The controversy surrounding the film and its authenticity has been going on for years.
In 1995, footage from the film was broadcast on Fox as a one-hour documentary entitled Alien Autopsy: Fact or Fiction, presented by Jonathan Frakes.
In 2006, Santilli finally admitted that the footage was a ‘reconstruction’ of what he said he had previously watched and that only a ‘few frames’ were from the 1947 film, but never specified which.
Separately that year, special effects designer named John Humphreys claimed he created the figure in the footage and appeared in the film as one of the pathologists, according to Live Science.
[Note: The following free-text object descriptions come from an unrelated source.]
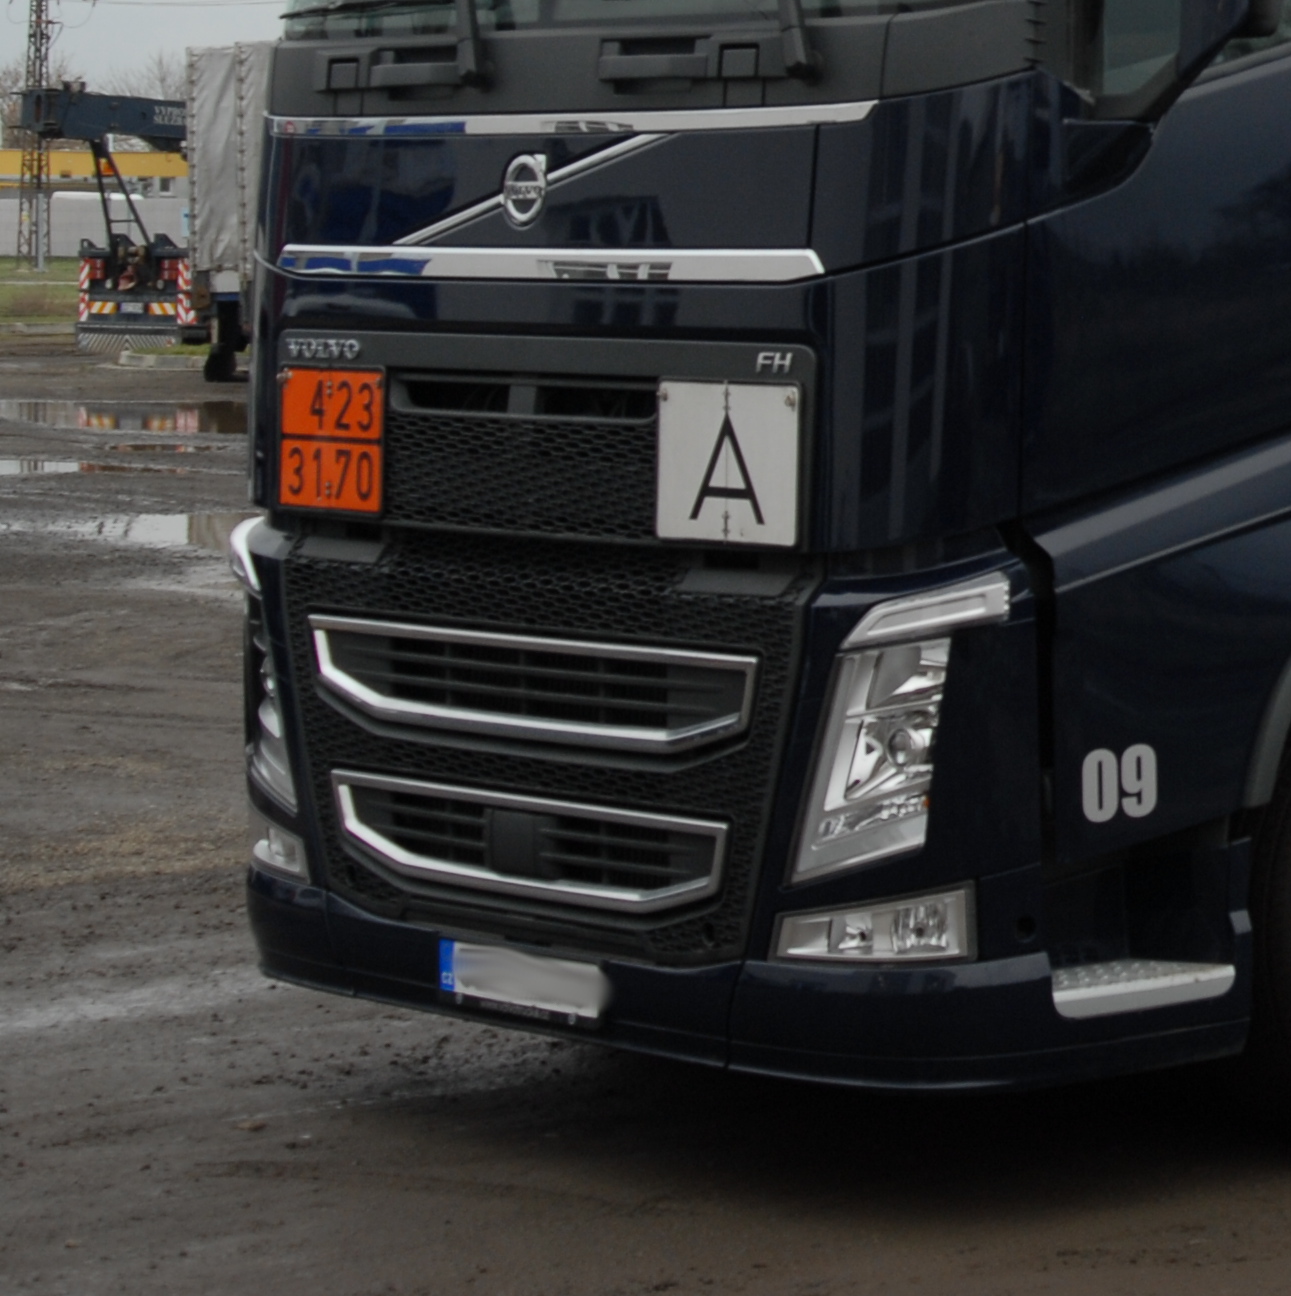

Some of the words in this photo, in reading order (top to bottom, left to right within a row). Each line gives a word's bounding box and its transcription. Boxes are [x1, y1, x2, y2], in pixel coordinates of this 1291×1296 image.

[285, 338, 361, 359] VOLVO
[755, 351, 793, 374] FH
[310, 379, 374, 433] 423
[287, 446, 374, 502] 3170
[688, 410, 766, 526] A
[1081, 743, 1158, 823] 09
However, a leaked 2001 memo was allegedly obtained by space travel billionaire Robert Bigelow (obtained from the archives of former NASA astronaut Edgar Mitchell) discussing a CIA scientist Kit Green who says the movie and the cadaver are real.
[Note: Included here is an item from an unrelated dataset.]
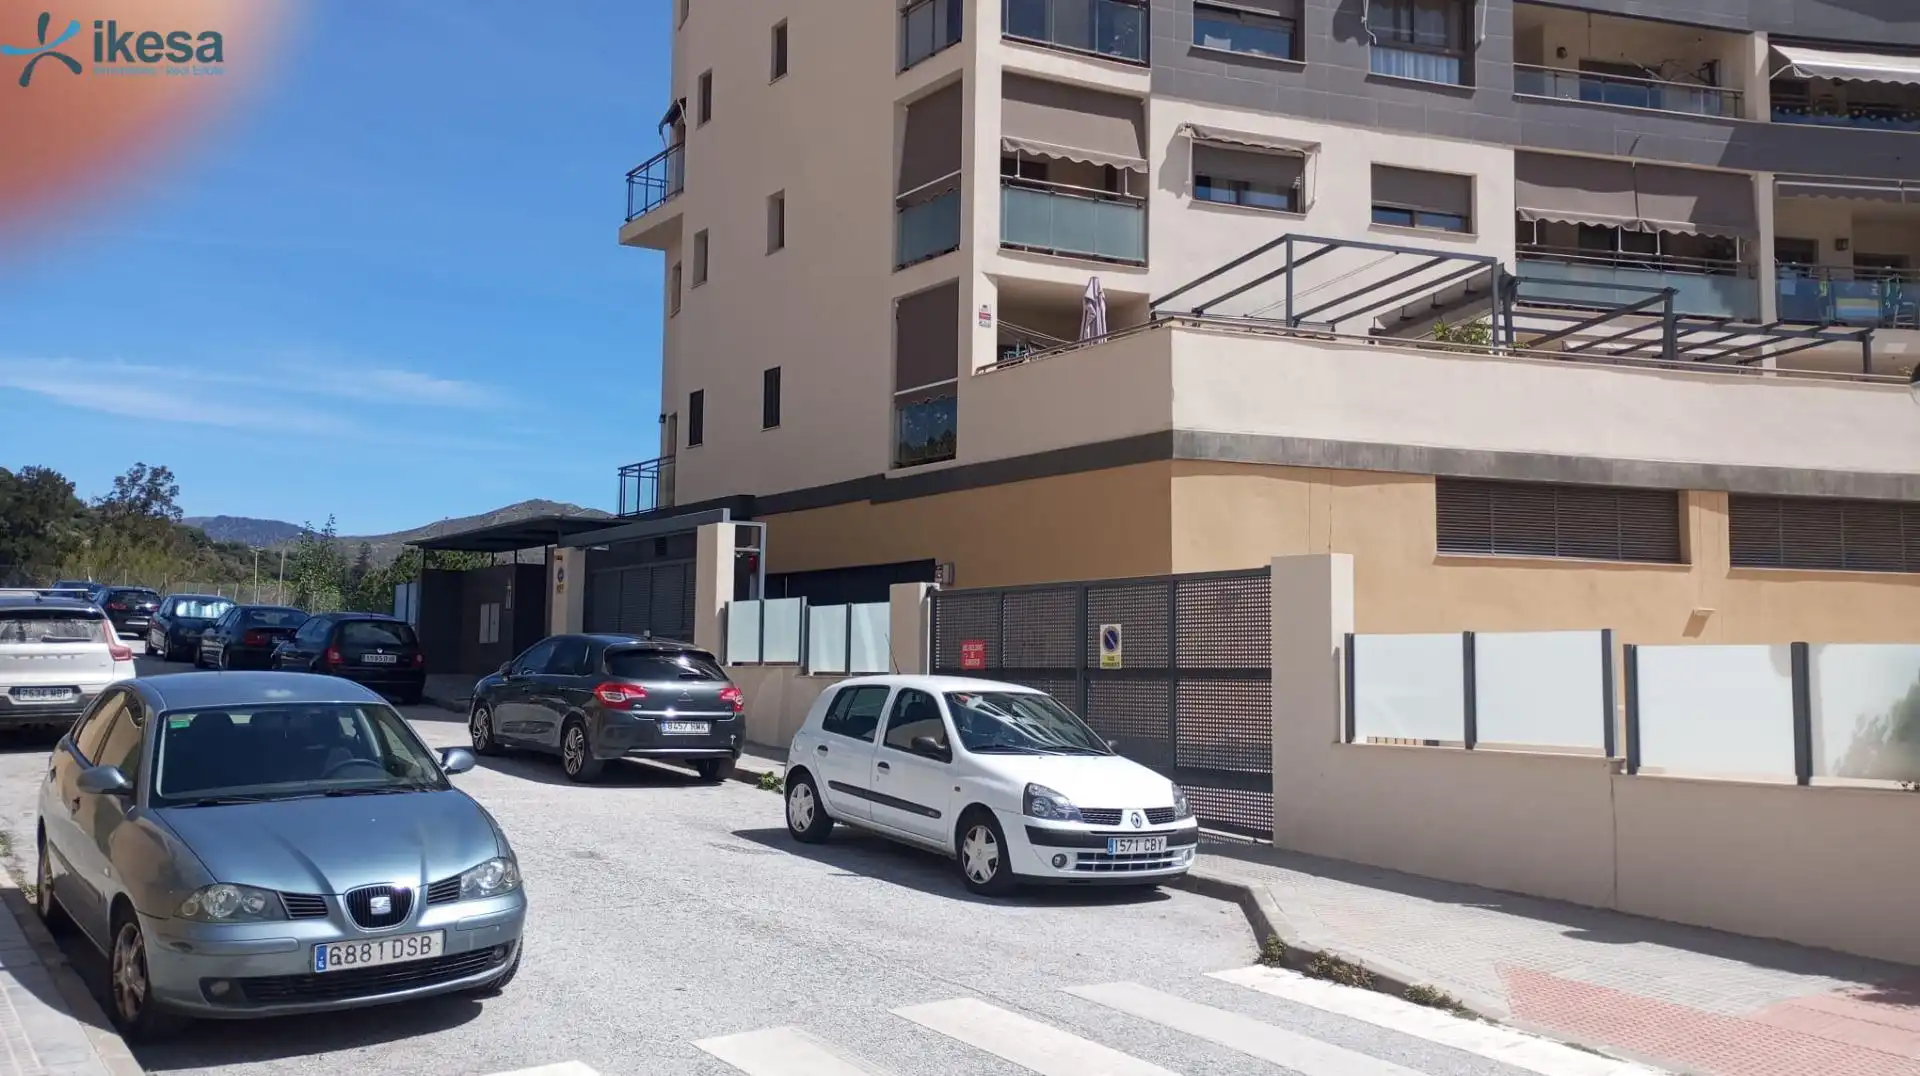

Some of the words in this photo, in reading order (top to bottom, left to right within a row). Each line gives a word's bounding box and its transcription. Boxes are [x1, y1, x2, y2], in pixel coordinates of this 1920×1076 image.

“ Alien Autopsy’s movie / video is real, the aliens’ corpse is real, and the corpse seen in the movie / video is the same as the photos Kit saw during the Pentagon briefing in 1987 / 88, ‘Green said in a 2001 briefing at the Pentagon, according to the release.
Bigelow is associated with former United States Senator Harry Reid.
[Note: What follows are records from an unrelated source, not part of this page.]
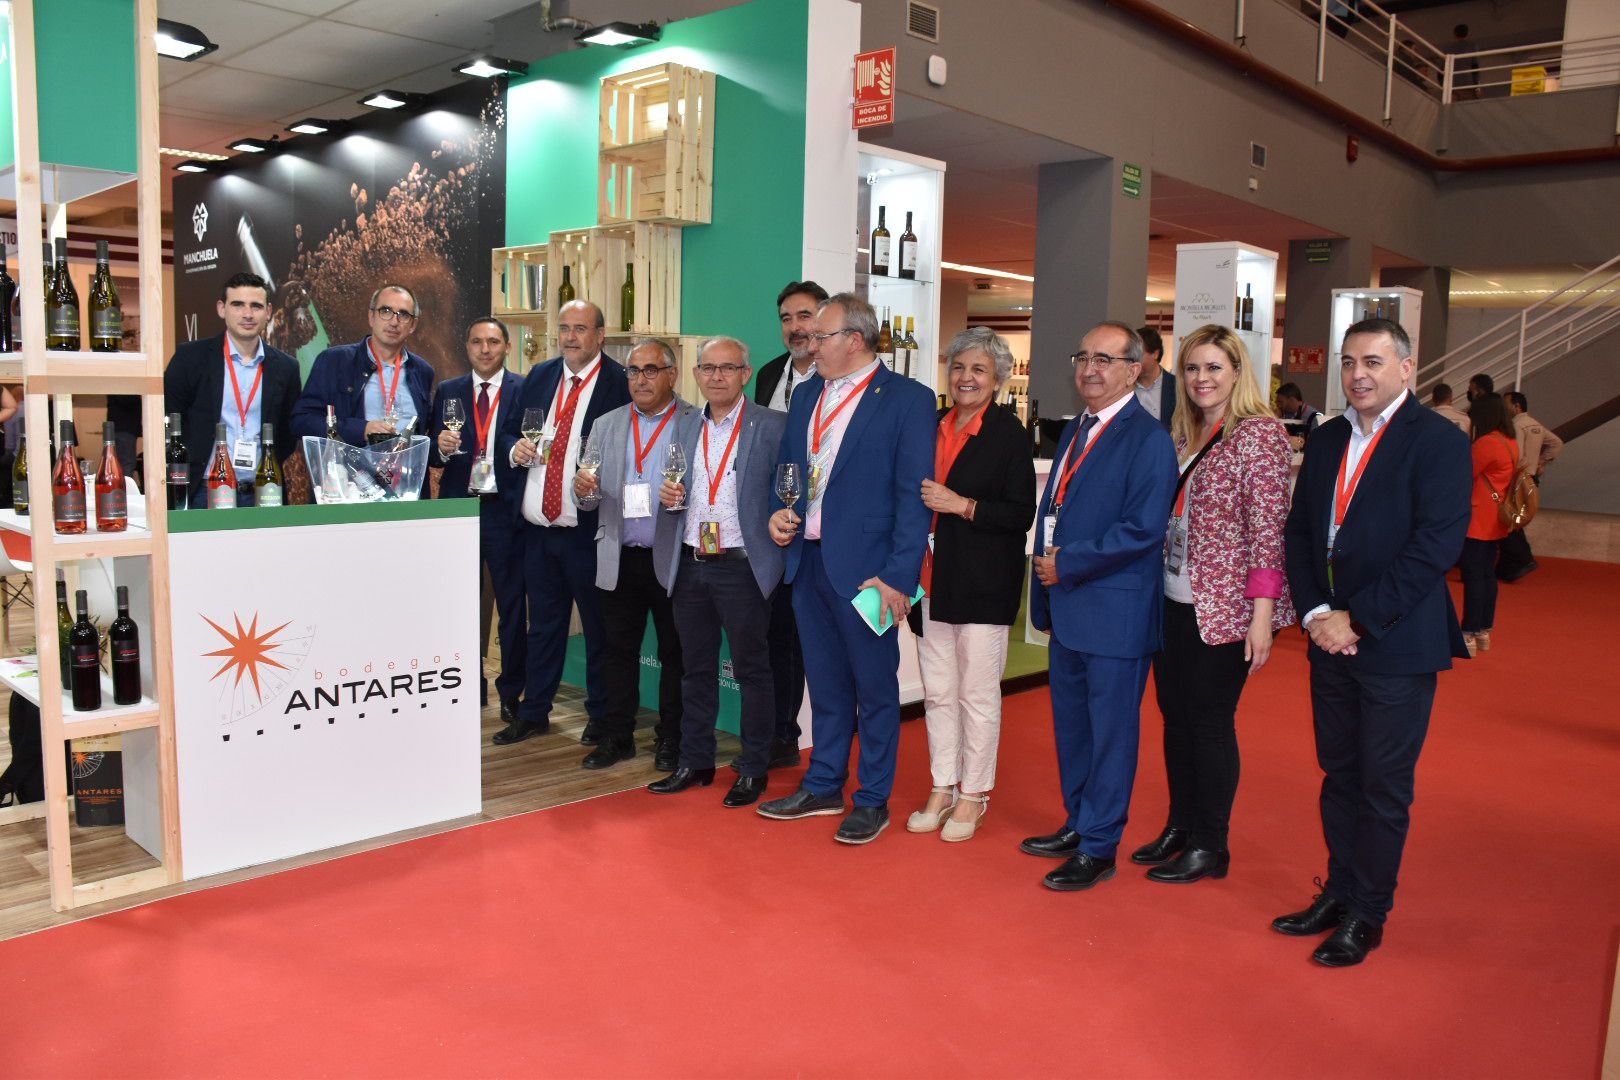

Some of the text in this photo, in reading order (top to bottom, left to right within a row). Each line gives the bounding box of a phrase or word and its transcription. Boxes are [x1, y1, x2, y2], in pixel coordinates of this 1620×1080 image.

[857, 114, 888, 124] INCENDIO
[184, 247, 219, 265] MANCHUELA
[314, 651, 461, 681] bodegas
[284, 667, 462, 715] ANTARES
[77, 788, 123, 796] ANTARES
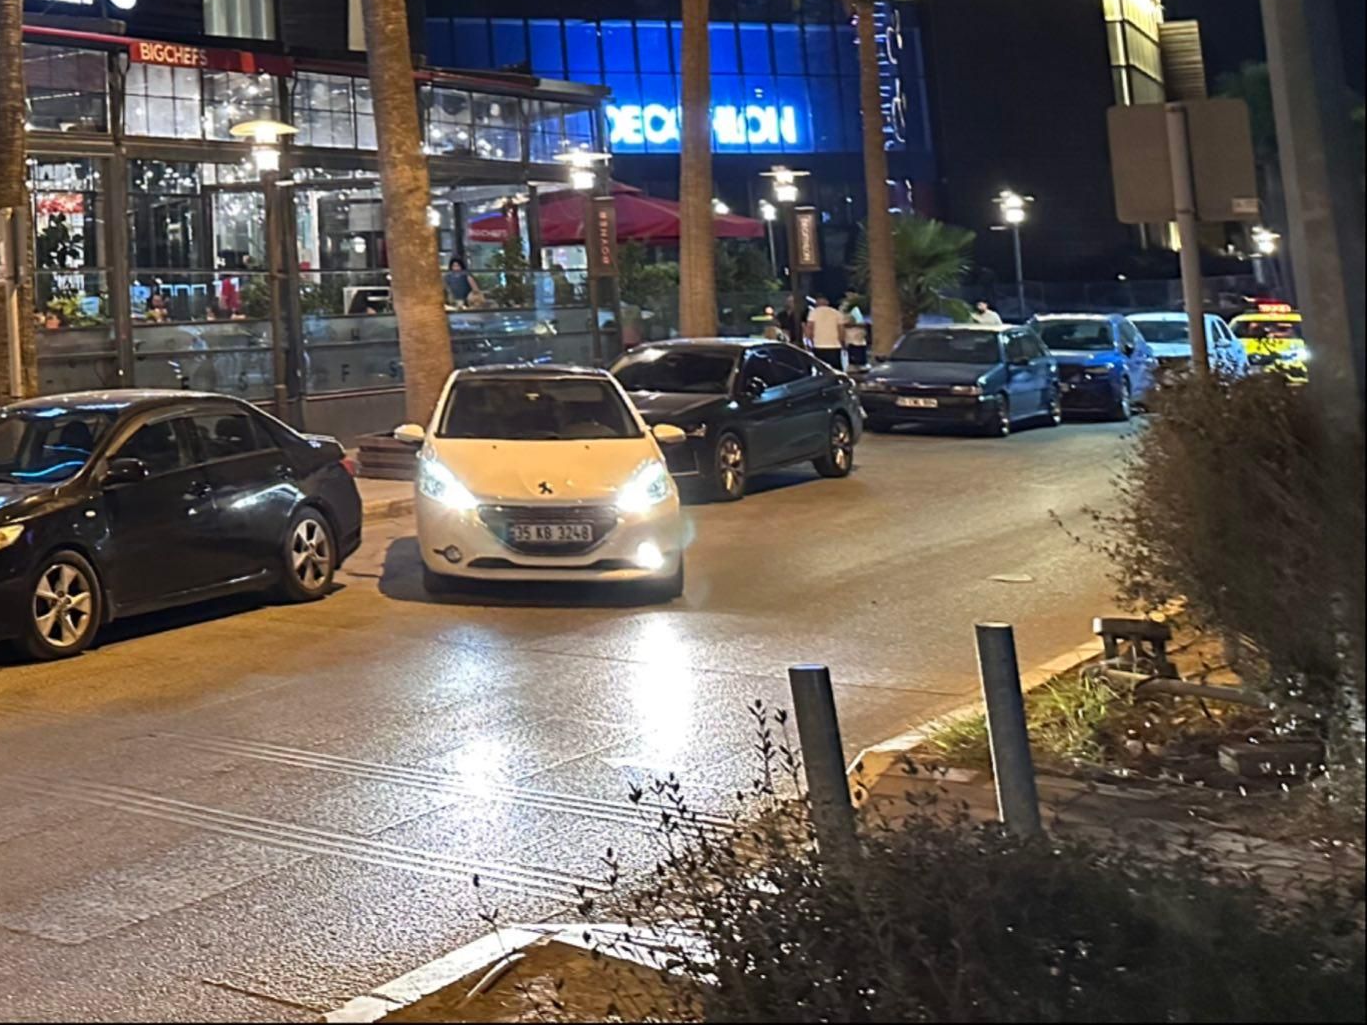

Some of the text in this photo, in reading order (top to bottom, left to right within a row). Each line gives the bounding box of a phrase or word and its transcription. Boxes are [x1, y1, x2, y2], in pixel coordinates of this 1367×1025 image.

[139, 42, 208, 66] BIGCHEFS
[605, 104, 798, 144] DECAHLON
[516, 526, 531, 540] 35
During his tenure, Reid received funding for the now-defunct Advanced Aerospace Threat Identification Program, some of which went to Bigelow Aerospace to investigate unidentified aerial phenomena.
On July 8, 1947, citing a statement by Jesse Marcel Sr., the Roswell Daily Record reported that the Roswell Army field recovered a flying saucer at a Ranch in New Mexico after metallic, light but strong material was scattered across the country. .
The front-page story of the local paper reported that the Roswell Army field recovered a flying saucer on a New Mexico Ranch after metallic, light but strong material was spread across the land. “ The 509th Bombardment Group intelligence agency at Roswell Army Air Field announced at noon today that the field has come into possession of a flying saucer, ” Roswell Daily Record reported on July 8, 1947.
The Air Force report on the event states that the debris was pieces of Project Mogal’s balloons, sensors and radar reflectors made of thin metal. Depicted is Marcel with the rubble
“The 509th Bombardment Group intelligence agency at Roswell Army Air Field announced at noon today that the field has come into possession of a flying saucer,” the paper reported.
Marcel Sr. was the first to arrive and led the investigation, which he said were pieces from an alien vehicle.
However, shortly after the ‘UFO’ discovery made headlines, the Washington DC War Department released a statement claiming that the debris was just the remains of a weather balloon.
What are NFTs? The latest cryptocurrency to take over the internet
What is an NFT?
A Non-Fungible Token (NFT) is a unique digital token encrypted with an artist’s signature, verifying its ownership and authenticity, and permanently affixed to the piece.
How do they look like?
Most NFTs contain some type of digital artwork, such as photos, videos, GIFs, and music. Theoretically, anything digital could be turned into an NFT.
Where do you buy them?
At the moment, NFTs are usually sold in so-called ‘drops’, timed online sales through blockchain-supported marketplaces such as Nifty Gateway, Opensea and Rarible.
Why would I want one?
There are a number of reasons why someone might want to buy an NFT. For some, the reason may be emotional value as NFTs are viewed as collectibles. For others, they are seen as an investment opportunity similar to cryptocurrencies as the value could rise.
When are NFTs made?
Writer and podcaster Andrew Steinwold traced the origins of NFTs back to 2012, with the creation of the cryptocurrency Colored Coins. But NFTs didn’t hit the mainstream until five years later, when the blockchain game CryptoKitties started selling virtual cats in 2017.